SBJ/November 7-13, 2011/People and Pop Culture

Out of the Office


ALL PHOTOS BY MARK SLUDER

When J.D. Gibbs walked into his dad’s office three years ago and named him coach of his grandson’s youth football team, Joe hesitated for a second. After all, how fair would it be for a coach who won three Super Bowls with the Washington Redskins to square off on the sideline against dads manning clipboards for the first time?

It’s turned out to be a lot more fair than he could have imagined.

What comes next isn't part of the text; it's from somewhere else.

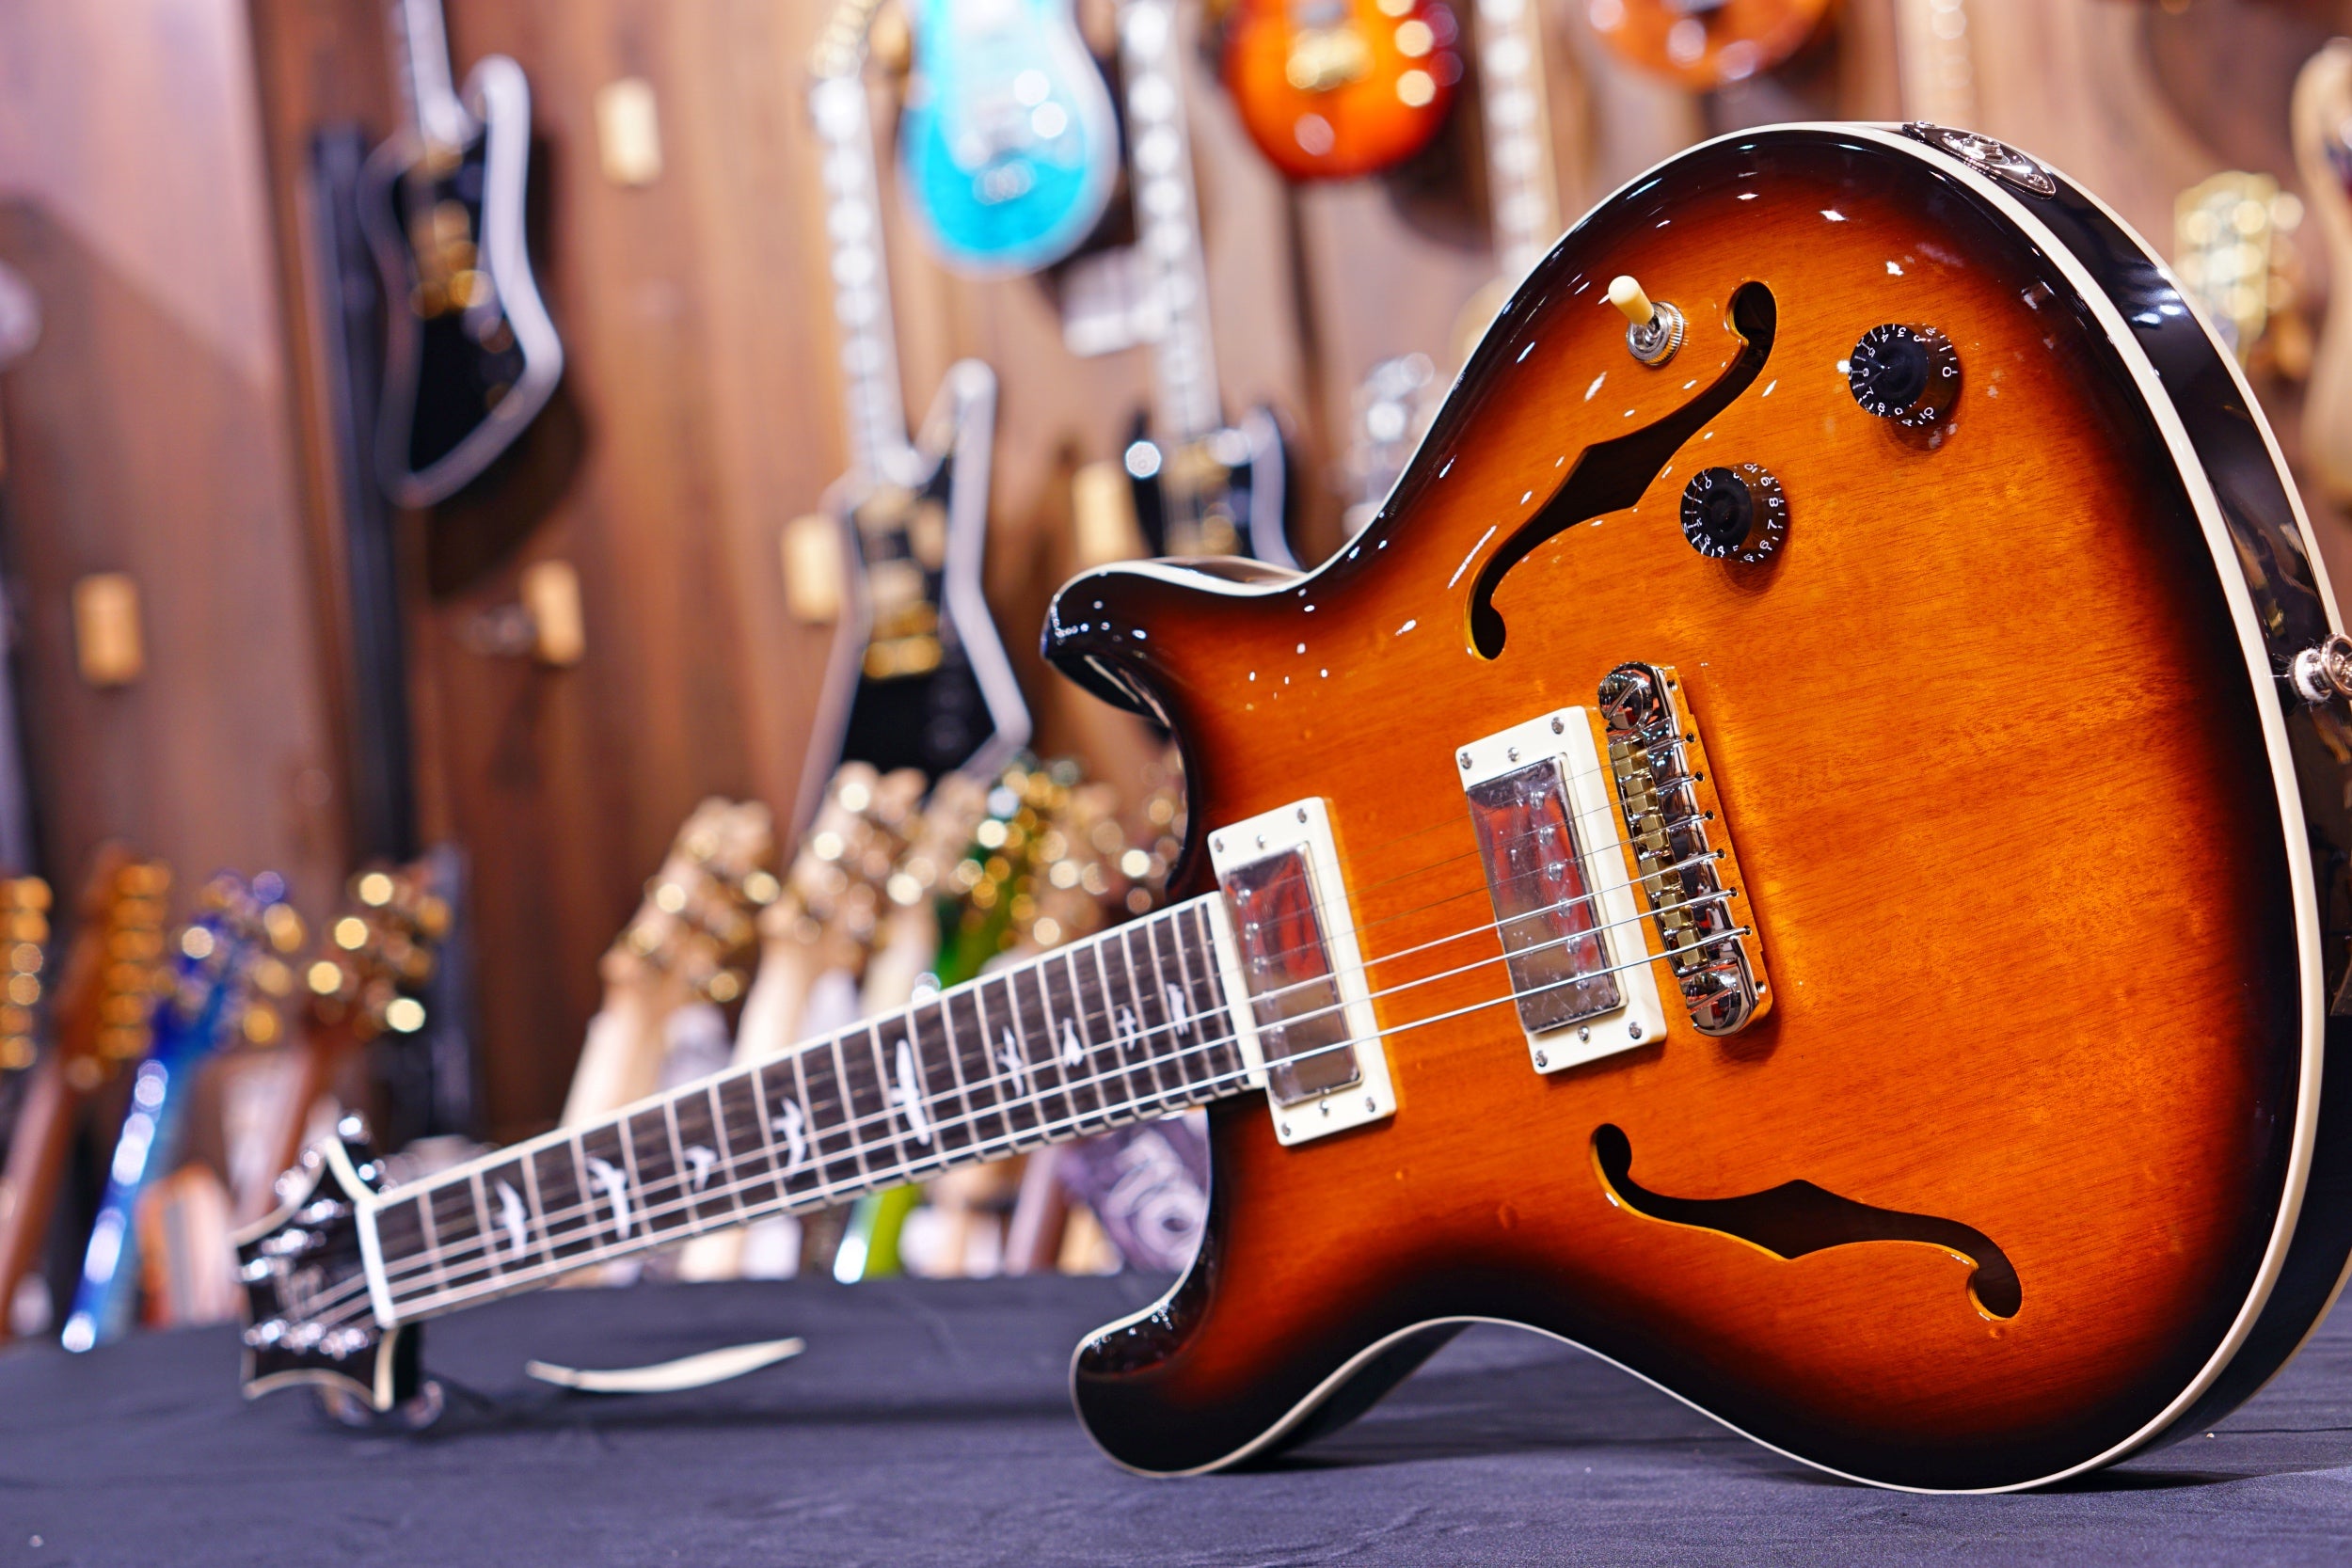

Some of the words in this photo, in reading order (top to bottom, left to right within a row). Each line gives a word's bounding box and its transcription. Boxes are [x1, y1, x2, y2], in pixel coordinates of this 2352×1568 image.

The team of fifth- and sixth-graders the Gibbses coached this year finished undefeated, but the three teams they coached in previous years combined for six losses. In one of those games the defense, coached by NFL hall of famer Joe, gave up 34 points.

 

“J.D. comes over to me afterward and says, ‘For crying out loud, why couldn’t you just stop them?’” Joe says with a laugh, recounting that game. “I said, ‘Well, if you’d just scored one more touchdown, we would have won.’”

Coaching has been a great experience for the Gibbses. Joe didn’t coach either of his sons, J.D., who runs the family’s NASCAR business, or Coy, who runs the family’s motocross business, because of the demands of his NFL career. But coaching youth football has now given him a chance to bond with both boys and his grandsons. They started by coaching the eldest, Jackson, who is now in middle school, and are now coaching the second oldest, Miller.

“I’ve got seven [grandsons] coming in a row,” Joe says. “The youngest is 3. It’s really going to be fun for me to coach those little guys.”

 

Joe and J.D. run two practices a week and coach one game every Saturday. They worked with the Junior Eagles Football Association in Huntersville, N.C., to schedule morning games for their team so they can still get to that weekend’s Sprint Cup race. During the week, they often walk into each other’s offices and talk about potential plays for an upcoming game.

The coaching experience has been full of funny moments.

“Our first year, all the dads are standing on the sidelines staring at my dad in awe,” J.D. says, “and all the kids are looking at him like, ‘Who is this guy?’”

Joe is particularly fond of a moment in his first year of youth coaching when the team’s biggest player came trotting off the field toward him. “They’re hitting me where I don’t have pads,” the player said.

Joe didn’t know what to say. Ultimately, he told the boy that he could either sit down on the bench and not get hit or go back in the game. The boy went back in and resigned himself to the fact that hits were just a part of the sport.

“The other day, I’m out there and Harrison, who plays defensive end for us, we’re in practice for a while and he turns and looks at me and says, ‘Coach, how long are we going to do this?’” Joe says. “I look at my watch and say, ‘You’ve got 15 minutes.’ He said, ‘Good gosh.’ They’re funny like that.”